My question about infant mortality rates

I managed to ask my question to the panel which was about how the closure of the A&E and maternity services at the Whittington would affect the health inequalities we suffer in Haringey, in particular the infant mortality rate of 8.1 deaths in every thousand births. The rate in Haringey is roughly three times higher than in Richmond.

Rachel answered that infant mortality was not so much influenced by giving birth. On this issue they would need to work very hard on ante-natal care. After the close of the meeting I followed up on this point and asked how ante-natal care, which for me is currently provided by a team of midwives based at the Whittington, would be provided if the maternity unit would be closed. The answer was that the midwives would still be based at their hospital, for example UCLH, and provide ante-natal care in the community.

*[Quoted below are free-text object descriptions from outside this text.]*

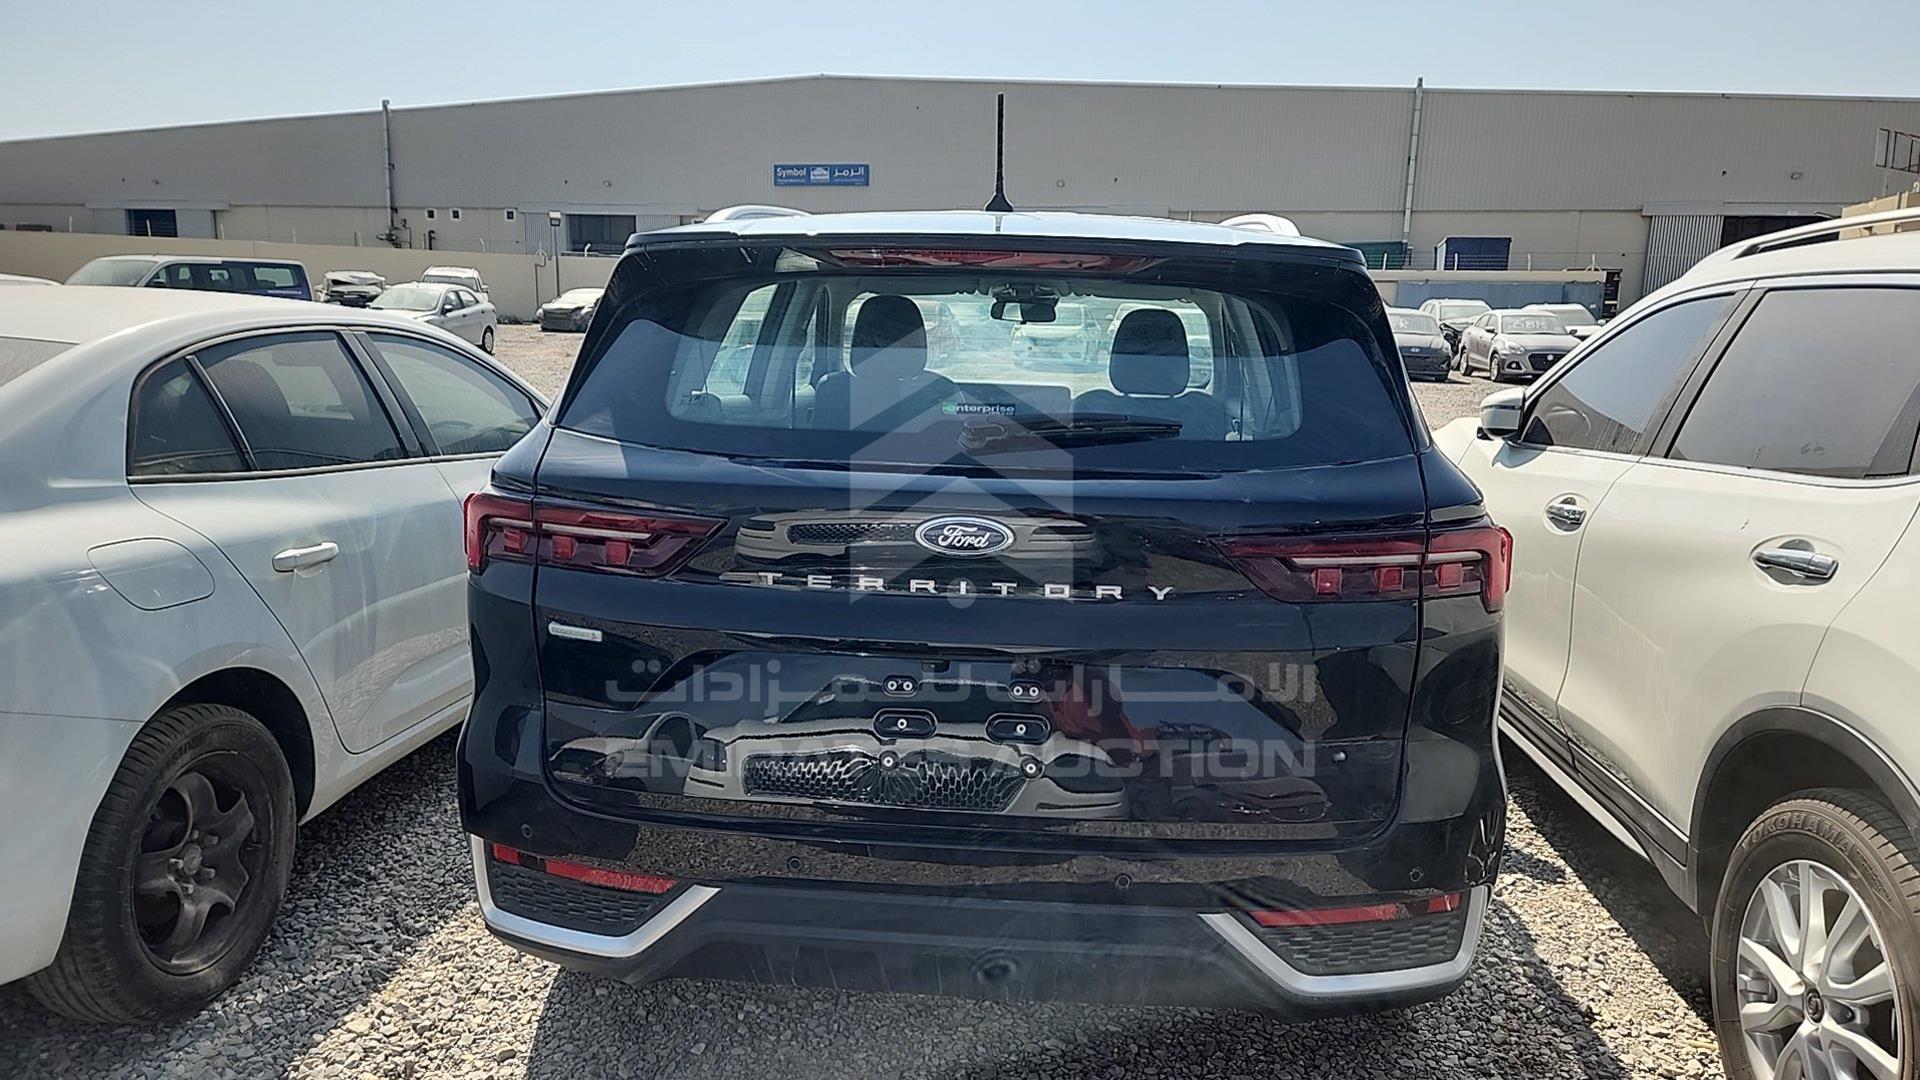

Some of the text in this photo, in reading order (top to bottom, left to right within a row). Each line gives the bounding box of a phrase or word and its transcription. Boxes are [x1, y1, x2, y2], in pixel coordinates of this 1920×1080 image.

[776, 167, 807, 178] Symbol
[943, 403, 1015, 414] enterprise
[937, 525, 991, 550] Ford
[758, 571, 1175, 600] TERRITORY
[1741, 811, 1855, 854] YOKOHAMA

I struggle to see how ante-natal care and consequently the infant mortality rate will be improved if midwives have to travel longer distances to work in the community. There is a well-known shortage of midwives in the UK. In fact there is a protest in Whitehall on Sunday calling for more midwives.

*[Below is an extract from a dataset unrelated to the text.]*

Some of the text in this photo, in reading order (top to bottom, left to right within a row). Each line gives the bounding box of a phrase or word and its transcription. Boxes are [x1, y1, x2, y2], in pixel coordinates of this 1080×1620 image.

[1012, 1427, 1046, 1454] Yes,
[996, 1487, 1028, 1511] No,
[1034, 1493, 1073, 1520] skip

Will consultation mean anything?

Crucially, Richard failed to re-assure the audience that a planned consultation on the closure plans would actually be able to influence, and possibly prevent, the decision to close the A&E. Despite being pressed on a number of occasions the most honest answer he could muster was that “no one could ever say what will happen after a consultation.”

I came to the meeting hoping to get some clear answers. Instead I am left in dismay that the plans seem to have no basis on evidence or thorough analysis of data whatsoever. So what’s behind it all?

Great people – moving stories

The good part of going to the meeting was that I got chatting to a number of really nice people all of whom had a very personal and moving story to tell about the Whittington.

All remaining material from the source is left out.